# Task directions
Drop every image, then reproduce the data exactly as given.

=== Section Start ===

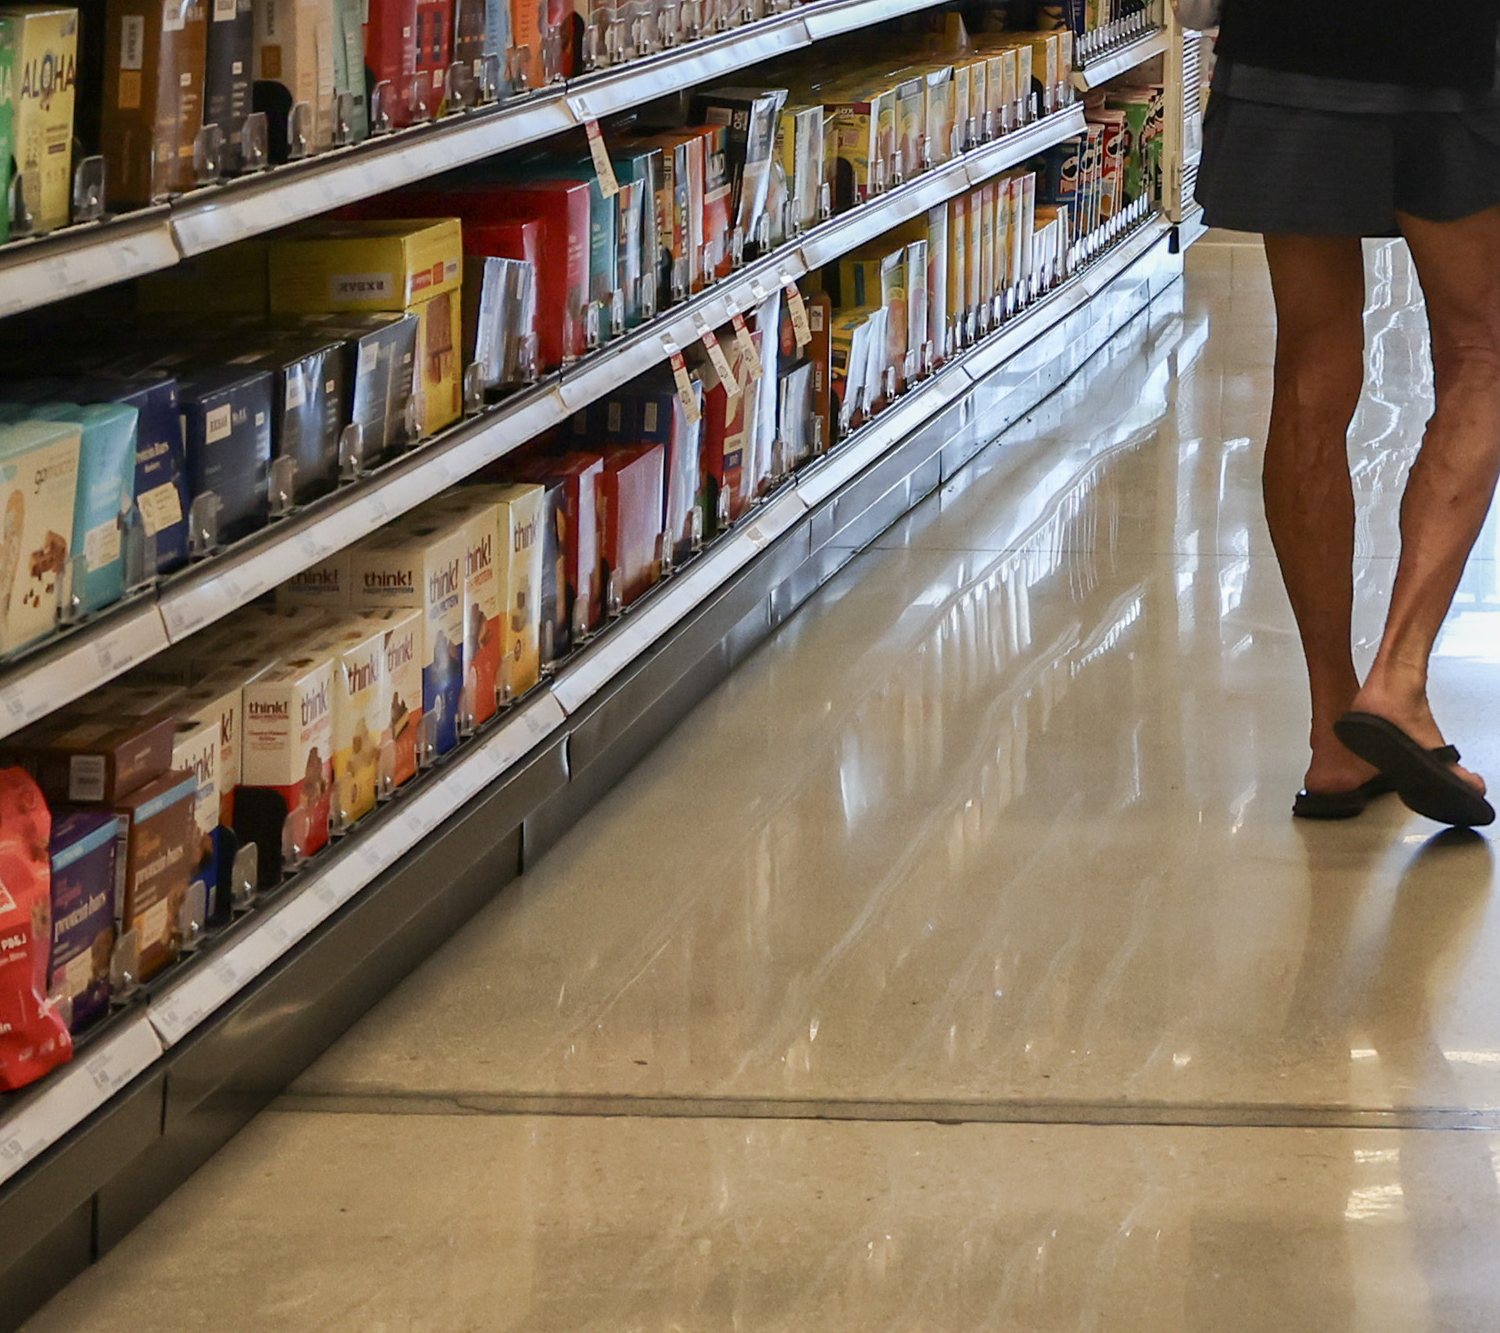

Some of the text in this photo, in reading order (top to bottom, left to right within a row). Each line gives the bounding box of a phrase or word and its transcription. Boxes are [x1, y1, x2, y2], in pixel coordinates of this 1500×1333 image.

[21, 54, 76, 97] ALOHA
[364, 570, 413, 587] think!
[429, 559, 460, 605] think!
[249, 700, 287, 713] think!

=== Section End ===

# Response to this task
Some of the text in this photo, in reading order (top to bottom, left to right within a row). Each line gives the bounding box of a phrase or word and its transcription. Boxes are [x1, y1, x2, y2], in pixel coordinates of this 1500×1333 image.

[21, 54, 76, 97] ALOHA
[364, 570, 413, 587] think!
[429, 559, 460, 605] think!
[249, 700, 287, 713] think!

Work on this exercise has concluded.